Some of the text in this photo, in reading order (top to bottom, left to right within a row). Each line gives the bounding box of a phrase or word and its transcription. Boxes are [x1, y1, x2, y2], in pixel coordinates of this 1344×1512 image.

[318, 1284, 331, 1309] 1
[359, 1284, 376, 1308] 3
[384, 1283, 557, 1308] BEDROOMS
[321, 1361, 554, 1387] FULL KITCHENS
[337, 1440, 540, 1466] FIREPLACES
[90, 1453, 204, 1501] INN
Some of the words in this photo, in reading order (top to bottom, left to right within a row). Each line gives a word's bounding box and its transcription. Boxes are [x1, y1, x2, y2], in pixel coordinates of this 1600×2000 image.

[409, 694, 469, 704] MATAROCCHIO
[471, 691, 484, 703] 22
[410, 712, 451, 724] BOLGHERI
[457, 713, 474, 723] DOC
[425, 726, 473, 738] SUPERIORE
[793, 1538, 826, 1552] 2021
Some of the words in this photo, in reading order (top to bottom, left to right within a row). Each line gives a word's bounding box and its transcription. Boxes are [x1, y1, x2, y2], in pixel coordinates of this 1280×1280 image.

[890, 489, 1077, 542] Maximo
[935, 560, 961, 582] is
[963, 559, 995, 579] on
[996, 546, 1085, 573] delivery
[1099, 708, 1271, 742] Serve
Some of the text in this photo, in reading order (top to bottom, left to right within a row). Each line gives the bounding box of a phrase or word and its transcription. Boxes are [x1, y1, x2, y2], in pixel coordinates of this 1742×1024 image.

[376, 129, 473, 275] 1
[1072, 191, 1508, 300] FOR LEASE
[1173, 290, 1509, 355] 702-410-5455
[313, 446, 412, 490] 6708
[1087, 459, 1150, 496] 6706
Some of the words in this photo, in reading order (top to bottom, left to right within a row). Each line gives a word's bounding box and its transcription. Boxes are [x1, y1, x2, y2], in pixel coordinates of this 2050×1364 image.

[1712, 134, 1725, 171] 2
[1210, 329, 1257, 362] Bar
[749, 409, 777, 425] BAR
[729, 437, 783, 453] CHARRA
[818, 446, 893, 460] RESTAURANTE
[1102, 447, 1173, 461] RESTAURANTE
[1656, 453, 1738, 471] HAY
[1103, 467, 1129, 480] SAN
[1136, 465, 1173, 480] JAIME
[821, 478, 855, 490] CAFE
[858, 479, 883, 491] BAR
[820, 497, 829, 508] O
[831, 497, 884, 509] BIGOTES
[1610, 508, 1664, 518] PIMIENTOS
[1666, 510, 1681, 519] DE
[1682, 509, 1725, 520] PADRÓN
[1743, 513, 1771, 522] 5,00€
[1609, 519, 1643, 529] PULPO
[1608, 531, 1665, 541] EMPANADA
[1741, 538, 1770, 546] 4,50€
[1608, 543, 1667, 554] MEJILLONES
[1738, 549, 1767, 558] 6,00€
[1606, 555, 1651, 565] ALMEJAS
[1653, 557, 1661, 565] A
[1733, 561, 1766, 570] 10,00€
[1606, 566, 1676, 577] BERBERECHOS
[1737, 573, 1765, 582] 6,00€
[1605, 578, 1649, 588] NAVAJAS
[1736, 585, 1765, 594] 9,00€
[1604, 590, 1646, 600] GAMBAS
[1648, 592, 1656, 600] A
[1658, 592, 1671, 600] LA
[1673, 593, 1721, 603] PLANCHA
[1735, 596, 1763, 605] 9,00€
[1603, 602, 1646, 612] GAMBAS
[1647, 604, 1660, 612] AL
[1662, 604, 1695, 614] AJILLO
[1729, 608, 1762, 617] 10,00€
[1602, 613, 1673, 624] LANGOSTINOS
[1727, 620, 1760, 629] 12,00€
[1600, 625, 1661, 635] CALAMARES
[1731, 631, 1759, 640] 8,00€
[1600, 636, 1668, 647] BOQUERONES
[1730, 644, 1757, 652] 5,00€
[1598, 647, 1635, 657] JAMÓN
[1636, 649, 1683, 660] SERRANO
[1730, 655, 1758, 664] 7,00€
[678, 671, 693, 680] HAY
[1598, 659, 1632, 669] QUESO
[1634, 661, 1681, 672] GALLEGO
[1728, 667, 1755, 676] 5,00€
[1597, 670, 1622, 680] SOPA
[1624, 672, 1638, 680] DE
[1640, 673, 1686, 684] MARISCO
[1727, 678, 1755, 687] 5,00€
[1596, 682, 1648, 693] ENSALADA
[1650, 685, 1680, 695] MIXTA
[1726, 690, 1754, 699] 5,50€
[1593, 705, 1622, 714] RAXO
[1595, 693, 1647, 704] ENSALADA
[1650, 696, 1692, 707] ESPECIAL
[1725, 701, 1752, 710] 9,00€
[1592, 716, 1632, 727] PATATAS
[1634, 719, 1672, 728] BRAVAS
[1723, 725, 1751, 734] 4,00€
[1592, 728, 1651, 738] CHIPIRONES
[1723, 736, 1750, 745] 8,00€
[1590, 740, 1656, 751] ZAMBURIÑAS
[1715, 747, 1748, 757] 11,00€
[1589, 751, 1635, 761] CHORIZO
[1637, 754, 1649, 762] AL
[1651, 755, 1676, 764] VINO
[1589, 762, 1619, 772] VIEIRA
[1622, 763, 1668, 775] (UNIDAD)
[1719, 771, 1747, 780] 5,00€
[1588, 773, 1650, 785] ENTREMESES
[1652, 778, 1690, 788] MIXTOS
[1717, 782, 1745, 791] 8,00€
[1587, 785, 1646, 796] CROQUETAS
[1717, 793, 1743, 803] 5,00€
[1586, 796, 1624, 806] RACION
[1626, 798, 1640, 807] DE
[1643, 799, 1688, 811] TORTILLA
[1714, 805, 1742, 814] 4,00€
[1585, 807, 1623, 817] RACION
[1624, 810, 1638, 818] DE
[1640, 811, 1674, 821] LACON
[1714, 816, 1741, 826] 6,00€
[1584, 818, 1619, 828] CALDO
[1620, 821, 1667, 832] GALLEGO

———

Retype the data. Keep every word as it stands.

__Task response__.
Some of the text in this photo, in reading order (top to bottom, left to right within a row). Each line gives the bounding box of a phrase or word and its transcription. Boxes are [x1, y1, x2, y2], in pixel coordinates of this 1344×1512 image.

[318, 1284, 331, 1309] 1
[359, 1284, 376, 1308] 3
[384, 1283, 557, 1308] BEDROOMS
[321, 1361, 554, 1387] FULL KITCHENS
[337, 1440, 540, 1466] FIREPLACES
[90, 1453, 204, 1501] INN
Some of the words in this photo, in reading order (top to bottom, left to right within a row). Each line gives a word's bounding box and its transcription. Boxes are [x1, y1, x2, y2], in pixel coordinates of this 1600×2000 image.

[409, 694, 469, 704] MATAROCCHIO
[471, 691, 484, 703] 22
[410, 712, 451, 724] BOLGHERI
[457, 713, 474, 723] DOC
[425, 726, 473, 738] SUPERIORE
[793, 1538, 826, 1552] 2021
Some of the words in this photo, in reading order (top to bottom, left to right within a row). Each line gives a word's bounding box and its transcription. Boxes are [x1, y1, x2, y2], in pixel coordinates of this 1280×1280 image.

[890, 489, 1077, 542] Maximo
[935, 560, 961, 582] is
[963, 559, 995, 579] on
[996, 546, 1085, 573] delivery
[1099, 708, 1271, 742] Serve
Some of the text in this photo, in reading order (top to bottom, left to right within a row). Each line gives the bounding box of a phrase or word and its transcription. Boxes are [x1, y1, x2, y2], in pixel coordinates of this 1742×1024 image.

[376, 129, 473, 275] 1
[1072, 191, 1508, 300] FOR LEASE
[1173, 290, 1509, 355] 702-410-5455
[313, 446, 412, 490] 6708
[1087, 459, 1150, 496] 6706
Some of the words in this photo, in reading order (top to bottom, left to right within a row). Each line gives a word's bounding box and its transcription. Boxes are [x1, y1, x2, y2], in pixel coordinates of this 2050×1364 image.

[1712, 134, 1725, 171] 2
[1210, 329, 1257, 362] Bar
[749, 409, 777, 425] BAR
[729, 437, 783, 453] CHARRA
[818, 446, 893, 460] RESTAURANTE
[1102, 447, 1173, 461] RESTAURANTE
[1656, 453, 1738, 471] HAY
[1103, 467, 1129, 480] SAN
[1136, 465, 1173, 480] JAIME
[821, 478, 855, 490] CAFE
[858, 479, 883, 491] BAR
[820, 497, 829, 508] O
[831, 497, 884, 509] BIGOTES
[1610, 508, 1664, 518] PIMIENTOS
[1666, 510, 1681, 519] DE
[1682, 509, 1725, 520] PADRÓN
[1743, 513, 1771, 522] 5,00€
[1609, 519, 1643, 529] PULPO
[1608, 531, 1665, 541] EMPANADA
[1741, 538, 1770, 546] 4,50€
[1608, 543, 1667, 554] MEJILLONES
[1738, 549, 1767, 558] 6,00€
[1606, 555, 1651, 565] ALMEJAS
[1653, 557, 1661, 565] A
[1733, 561, 1766, 570] 10,00€
[1606, 566, 1676, 577] BERBERECHOS
[1737, 573, 1765, 582] 6,00€
[1605, 578, 1649, 588] NAVAJAS
[1736, 585, 1765, 594] 9,00€
[1604, 590, 1646, 600] GAMBAS
[1648, 592, 1656, 600] A
[1658, 592, 1671, 600] LA
[1673, 593, 1721, 603] PLANCHA
[1735, 596, 1763, 605] 9,00€
[1603, 602, 1646, 612] GAMBAS
[1647, 604, 1660, 612] AL
[1662, 604, 1695, 614] AJILLO
[1729, 608, 1762, 617] 10,00€
[1602, 613, 1673, 624] LANGOSTINOS
[1727, 620, 1760, 629] 12,00€
[1600, 625, 1661, 635] CALAMARES
[1731, 631, 1759, 640] 8,00€
[1600, 636, 1668, 647] BOQUERONES
[1730, 644, 1757, 652] 5,00€
[1598, 647, 1635, 657] JAMÓN
[1636, 649, 1683, 660] SERRANO
[1730, 655, 1758, 664] 7,00€
[678, 671, 693, 680] HAY
[1598, 659, 1632, 669] QUESO
[1634, 661, 1681, 672] GALLEGO
[1728, 667, 1755, 676] 5,00€
[1597, 670, 1622, 680] SOPA
[1624, 672, 1638, 680] DE
[1640, 673, 1686, 684] MARISCO
[1727, 678, 1755, 687] 5,00€
[1596, 682, 1648, 693] ENSALADA
[1650, 685, 1680, 695] MIXTA
[1726, 690, 1754, 699] 5,50€
[1593, 705, 1622, 714] RAXO
[1595, 693, 1647, 704] ENSALADA
[1650, 696, 1692, 707] ESPECIAL
[1725, 701, 1752, 710] 9,00€
[1592, 716, 1632, 727] PATATAS
[1634, 719, 1672, 728] BRAVAS
[1723, 725, 1751, 734] 4,00€
[1592, 728, 1651, 738] CHIPIRONES
[1723, 736, 1750, 745] 8,00€
[1590, 740, 1656, 751] ZAMBURIÑAS
[1715, 747, 1748, 757] 11,00€
[1589, 751, 1635, 761] CHORIZO
[1637, 754, 1649, 762] AL
[1651, 755, 1676, 764] VINO
[1589, 762, 1619, 772] VIEIRA
[1622, 763, 1668, 775] (UNIDAD)
[1719, 771, 1747, 780] 5,00€
[1588, 773, 1650, 785] ENTREMESES
[1652, 778, 1690, 788] MIXTOS
[1717, 782, 1745, 791] 8,00€
[1587, 785, 1646, 796] CROQUETAS
[1717, 793, 1743, 803] 5,00€
[1586, 796, 1624, 806] RACION
[1626, 798, 1640, 807] DE
[1643, 799, 1688, 811] TORTILLA
[1714, 805, 1742, 814] 4,00€
[1585, 807, 1623, 817] RACION
[1624, 810, 1638, 818] DE
[1640, 811, 1674, 821] LACON
[1714, 816, 1741, 826] 6,00€
[1584, 818, 1619, 828] CALDO
[1620, 821, 1667, 832] GALLEGO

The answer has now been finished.